千歳鶴は1872年創業、札幌で唯一の酒蔵です。ここは「誰でもふらっと入れる施設」と「条件を満たした人だけが入れる施設」がはっきり分かれているのが特徴で、直営売店の「千歳鶴 酒ミュージアム」は予約なしで入れますが、醸造蔵の見学は団体予約のみを受け付けています。どちらが目的かで準備がまったく変わります。
醸造蔵見学の内容と条件
見学の対象は、2023年に64年ぶりに竣工した新醸造棟です。集合場所は酒ミュージアムの入口ロビーで、見学そのものは無料です。ただし、申し込みには次の条件があります。

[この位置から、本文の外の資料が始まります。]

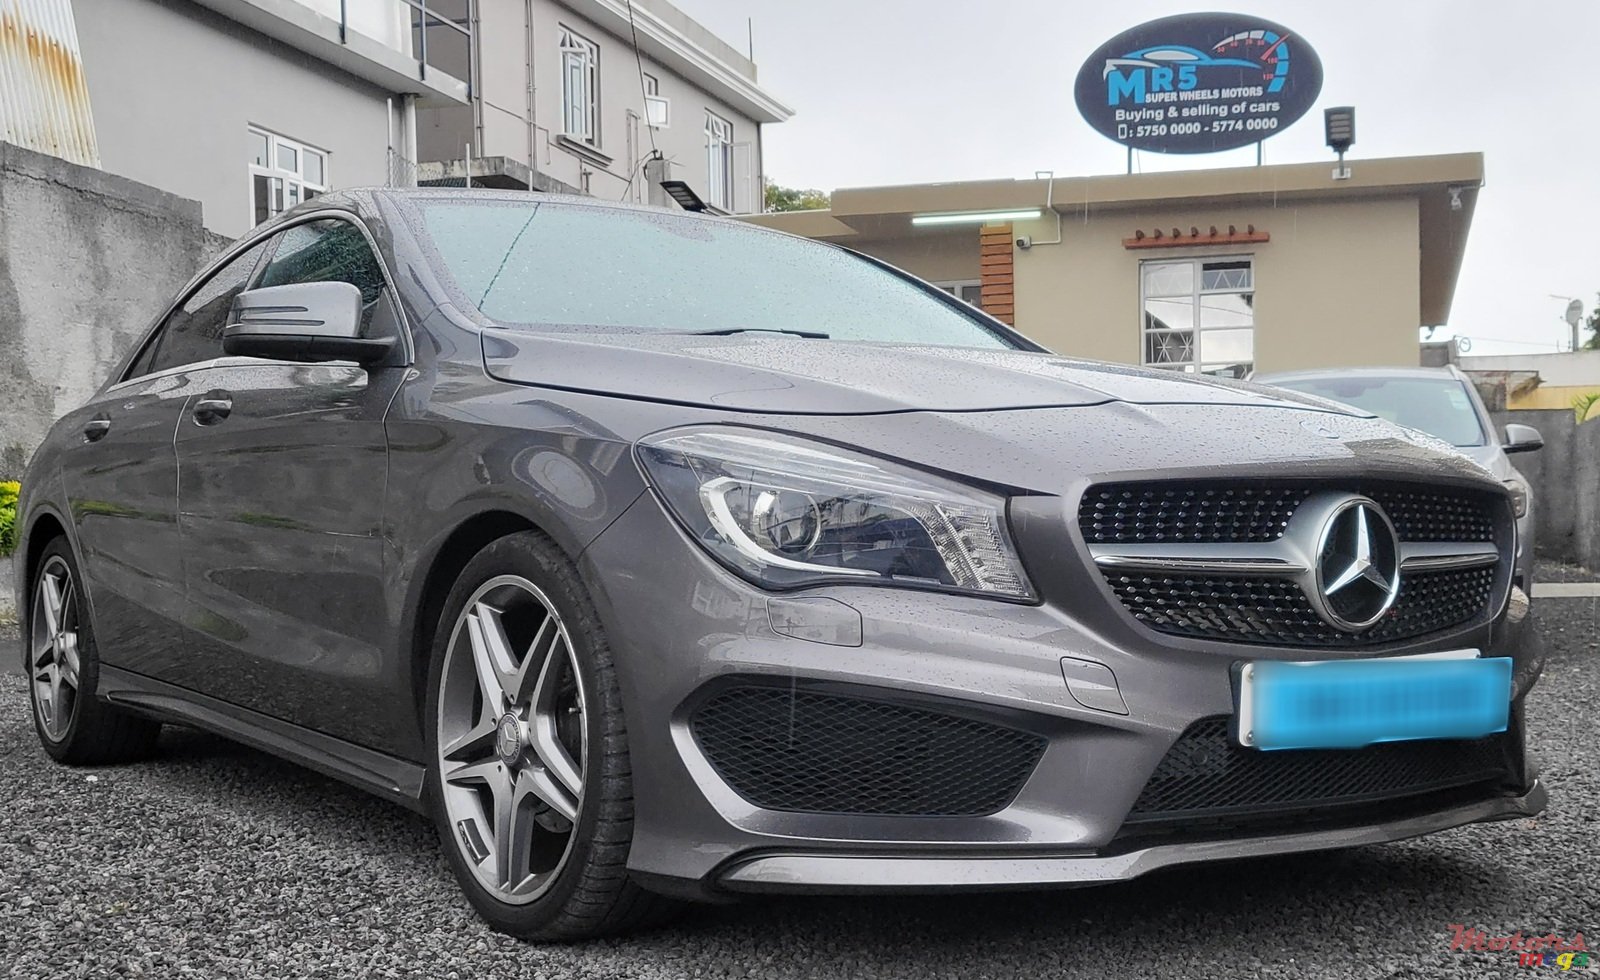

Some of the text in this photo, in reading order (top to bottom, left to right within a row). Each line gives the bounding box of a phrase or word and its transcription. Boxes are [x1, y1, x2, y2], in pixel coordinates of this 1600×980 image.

- 団体予約のみ。8名以上20名までが対象で、個人・少人数では申し込めません
- 1日1組限定です
- 受付は平日(月〜金)の10:00〜16:00で、受付終了は15:30
- 予約の締め切りは希望日の1週間前。3ヶ月先まで予約できます
- 年末年始・ゴールデンウィーク・お盆は休みです。また、8月ごろを中心にメンテナンスのため予約できない期間があります
- 案内は日本語のみです。通訳が必要な場合は同行者を手配してください
- 飲酒している人は入場できません。集合時間は厳守です
工事などの都合で受付が一時休止されることもあります(2026年7月は工場内工事のため新規受付が休止されていました)。人数を集めてから日程を決めるより、先に受付可否を確認したほうが確実です。条件・期間は2026年8月時点のもので、変更されることがあります。申し込み前に必ず公式サイトの最新情報を確認してください。
有料プログラム・セミナーはない
2026年8月時点の公式サイトには、有料のテイスティングセミナーや体験プログラムの案内はありません。醸造蔵の見学は無料で、費用がかかるのは酒ミュージアムでの買い物と休み処での飲食だけです。少人数で有料のじっくりした体験を求める場合、この施設は候補になりません。
予約の取り方
- 公式サイトのお問い合わせフォームから申し込みます
- 入力するのは氏名・メールアドレス・電話番号・住所で、用件の種別で「千歳鶴工場見学申し込み」を選びます
- 本文には予約希望日時・人数・当日連絡がつく携帯番号を書き添えます
- 電話での問い合わせ先は011-221-7012(商品企画部)です
千歳鶴 酒ミュージアム(予約不要)
酒ミュージアムは千歳鶴の直営売店です。ここだけは予約なしで立ち寄れます。ここでしか買えない蔵元限定酒のほか、その場で瓶詰めしてくれる生酒などを扱っています。休み処(10席)では、地元で人気の純米吟醸酒を使った酒粕ソフトクリームやコーヒー、甘酒が味わえます。
- 営業時間は10:00〜18:00。ただし月末は棚卸のため17:00で閉店します
- 休業日は年末・年始
- 電話は011-221-7570
アクセス
札幌市営地下鉄東西線「バスセンター前」駅の9番出口から徒歩5分です。公式サイトには道順を示したPDFも用意されています。醸造蔵見学の集合場所も同じ酒ミュージアムの入口ロビーなので、目印はここで足ります。
系列の直営飲食店
千歳鶴には3つの直営店があります。いずれも酒ミュージアムとは別の店舗です。
- 直営「千歳鶴」 — 割烹居酒屋。海鮮と北海道の郷土料理が中心。月〜土・祝17:00〜23:00(L.O.22:30)
- 蔵元直営「吉翔」 — 大吟醸「吉翔」を冠した居酒屋。創作料理と札幌の地酒。月〜土・祝17:00〜23:00(L.O.22:20)、月〜金はランチ11:00〜14:00も営業
- 立ち飲み「鶴の蔵」 — ノーチャージの立ち飲み。月〜金16:00〜23:00(L.O.22:30)
営業時間は2026年8月時点のものです。訪問前に公式サイトで確認してください。